SANTA CRUZ -- Hundreds of worshippers crowded into Holy Cross Church on Sunday to celebrate the 150th anniversary of Holy Cross School. Revelers heard and told stories of a school founded in a much different time and one that has served as an educational foundation and community for generations of local families.
"It's important from a history point of view and a faith point of view," said the Rev. Joe Occhiuto, pastor of Holy Cross Church. "The parish is over 200 years old, and 150 years ago the school was established with great sacrifice. And the sacrifice continues and the school continues to turn out fine examples of citizenship and faith."
Bishop Richard Garcia gave an account of the school's long history during Mass, recounting its establishment by the Daughters of Charity in the 1862-63 school year.
Seven members of the order journeyed to California from Maryland in 1852, at the request of then-Bishop of Monterey Joseph Alemany, according to the order's website.
During a harrowing trip at a time when railroads did not yet cross the country, the nuns came by steamer from New York, crossing the Isthmus of Panama atop mules. Sisters Ignatia Green and Honorine Goodman died of cholera and were buried in Panama City.
The others established an orphanage as well as a boarding and parish day school in what was then a rural area without paved roads or other amenities. The school was first housed in an adobe and then a wooden building.
Several people told stories about their experience at the school during a reception after Mass, as they milled about displays of black-and-white photographs and newspaper articles and thumbed through yearbooks dating back to the 1940s.

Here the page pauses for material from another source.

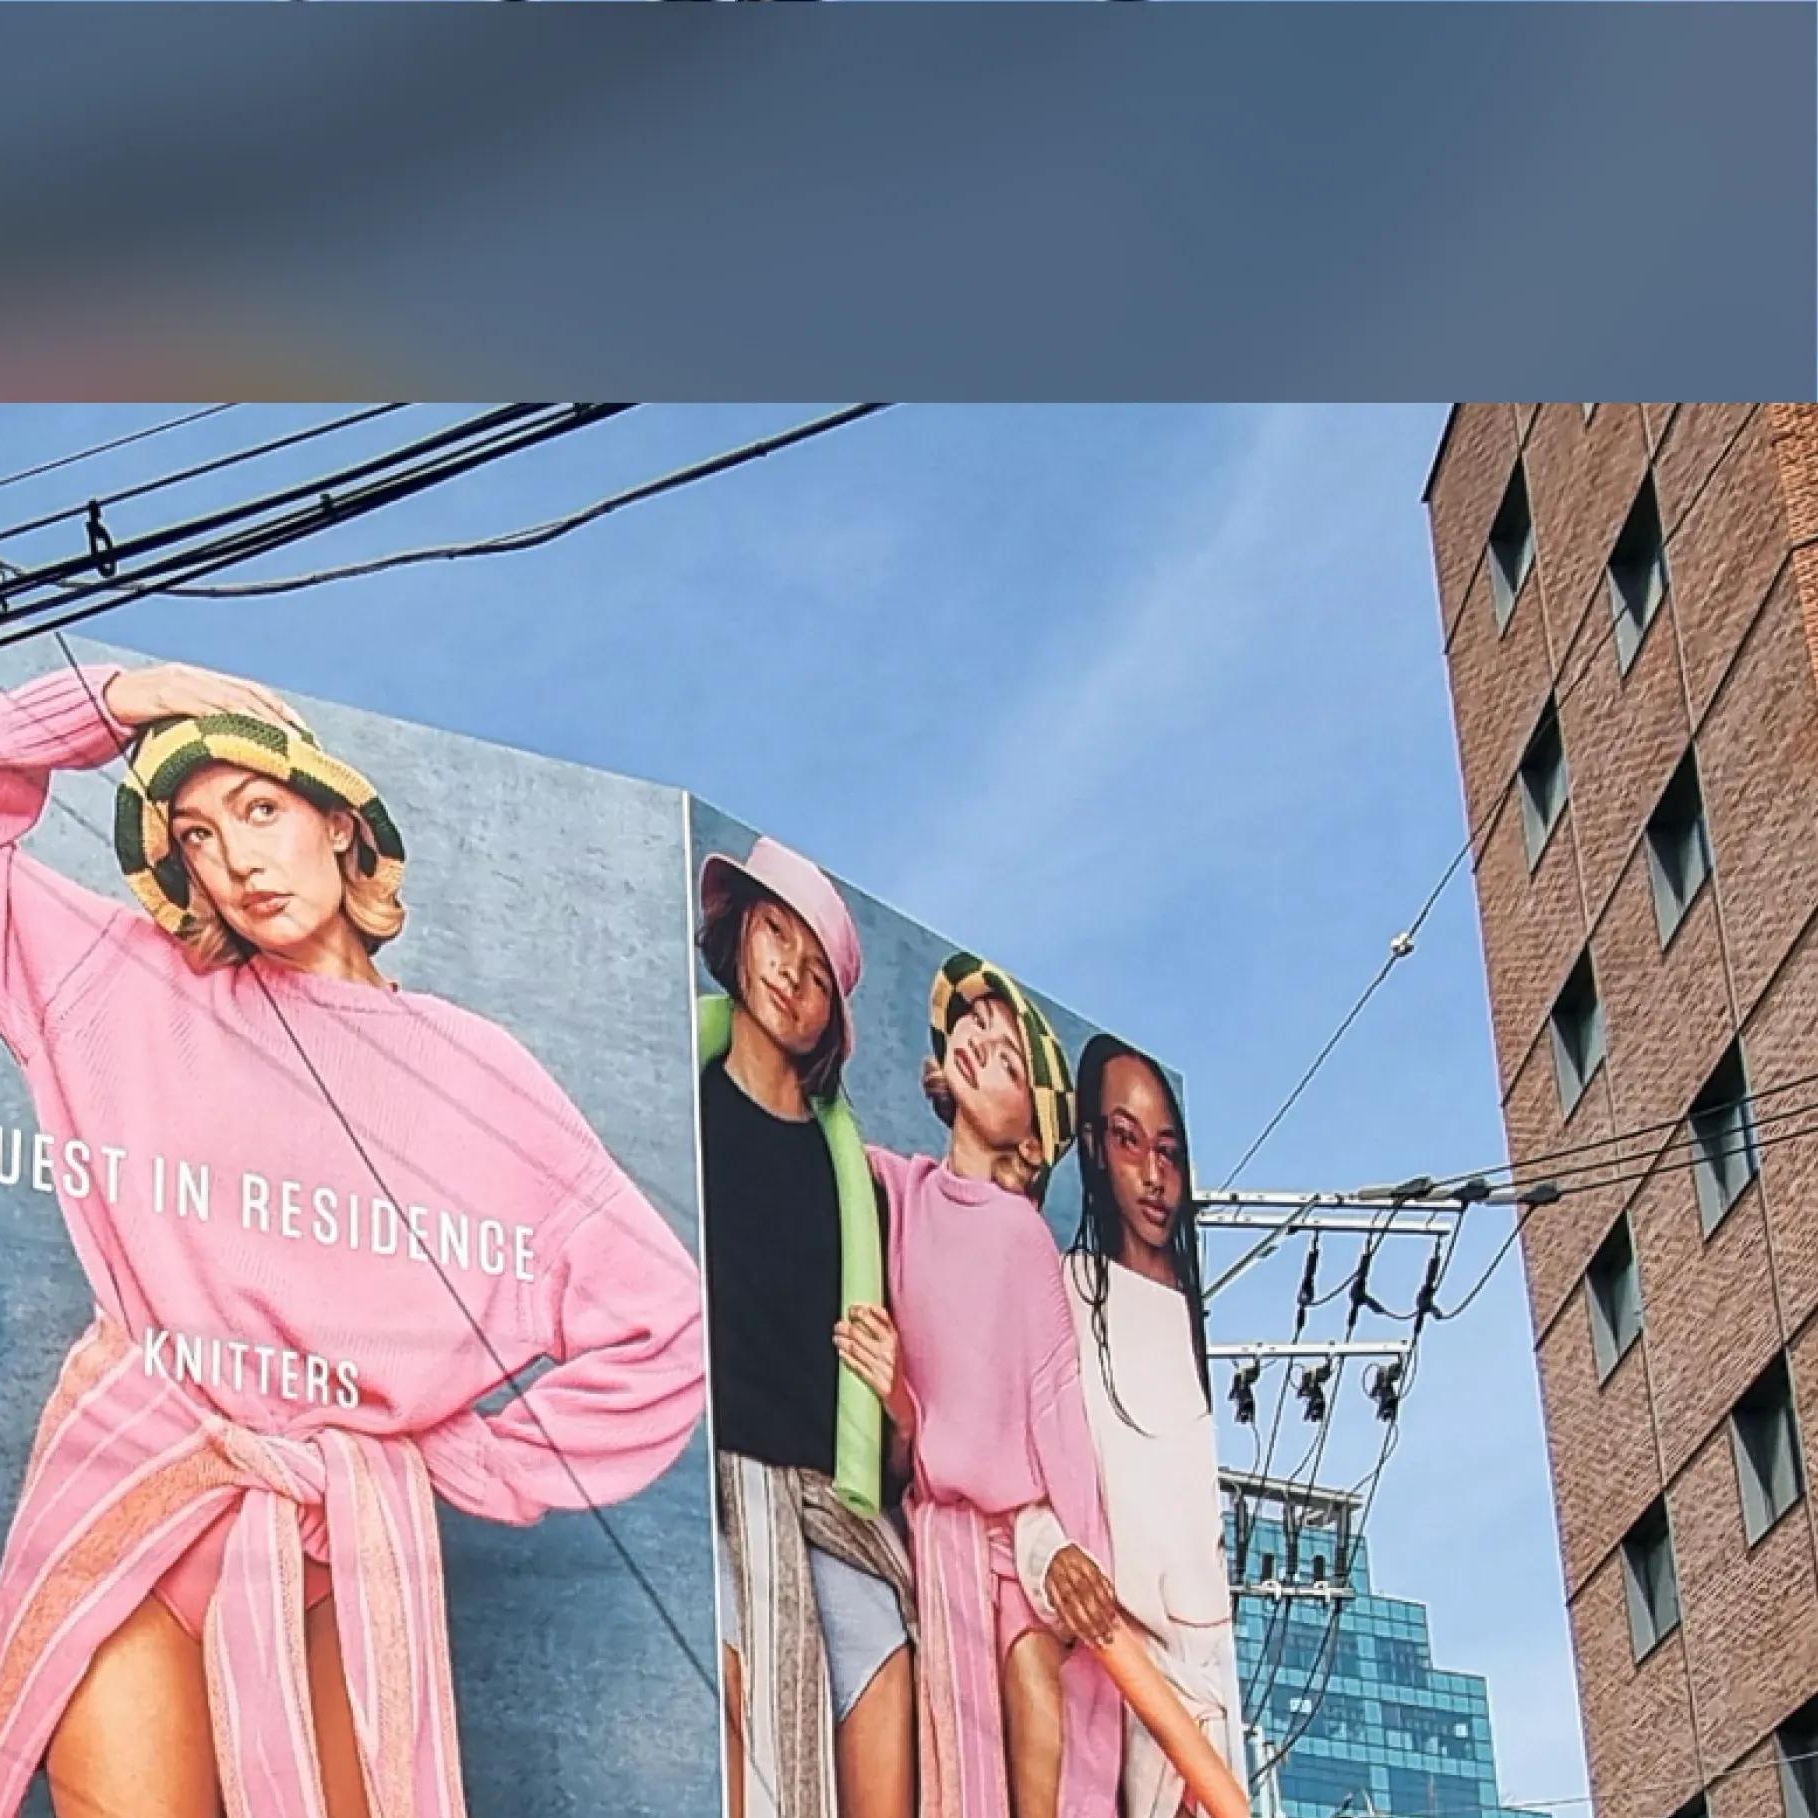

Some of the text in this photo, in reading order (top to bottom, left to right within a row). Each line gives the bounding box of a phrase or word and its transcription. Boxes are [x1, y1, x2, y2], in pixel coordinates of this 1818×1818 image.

Margie Sisk of Santa Cruz, whose three daughters attended Holy Cross School, said her parents met at Holy Cross High School and that she and her seven siblings all went to Holy Cross School. (The high school closed in 1970, though the building still stands. The school now serves about 200 children in preschool through eighth grade.)
Sisk said the school was largely comprised of the children of Italian immigrants in those days. When her blond mother and her sisters started there, her father had graduated and was attending St. Mary's College. But when his brother told him about the new girls, he drove his car onto the school field to attract their attention, Sisk said.
Her father, Ted Whiting Jr., founded Whiting Foods at the Santa Cruz Beach Boardwalk.
Sisk said the school has a lot of meaning to her personally as well. It is small enough to allow students to practice leadership and be involved in just about everything, Sisk said.
"I have so much gratitude for my experience here," she said. "For me, it's about tradition and the spirituality. I like saluting the flag and praying and calling Christmas Christmas.
"And we got a great parochial education. It saved some of my brothers."
Sunday's anniversary celebration also included a ceremony after Mass in which a time capsule was buried. With several students helping, and others singing in the church choir afterward, the capsule was placed underneath a new kiosk.
The kiosk was built by the school as a symbol of appreciation for the parish's support, Principal Michael Hopper said.
Each class at the school chose items to go inside the capsule, as did Garcia, Occhiuto, the diocese's Superintendent of Schools Kathleen Radecke, and others.
Gabriel Padilla, whose sons Felipe and Eddy attend Holy Cross School, said the anniversary celebration was exciting.
"My kids have been looking forward to it," he said. "I think it's good to know where we came from; it helps to know where to go in the future."
Two sisters with the Daughters of Charity attended the celebration -- Sister Margaret Ann Gainey of Los Altos Hills and Estela Morales of San Francisco.
Their early sisters in the Daughters of Charity acquired a new convent in 1943, in a large home at Mission and Sylvar streets along Mission Plaza, according to historical accounts on display. That same year, the Adrian Dominican Sisters took over. One historical account said the Daughters of Charity had decided to focus on the order's work in hospitals.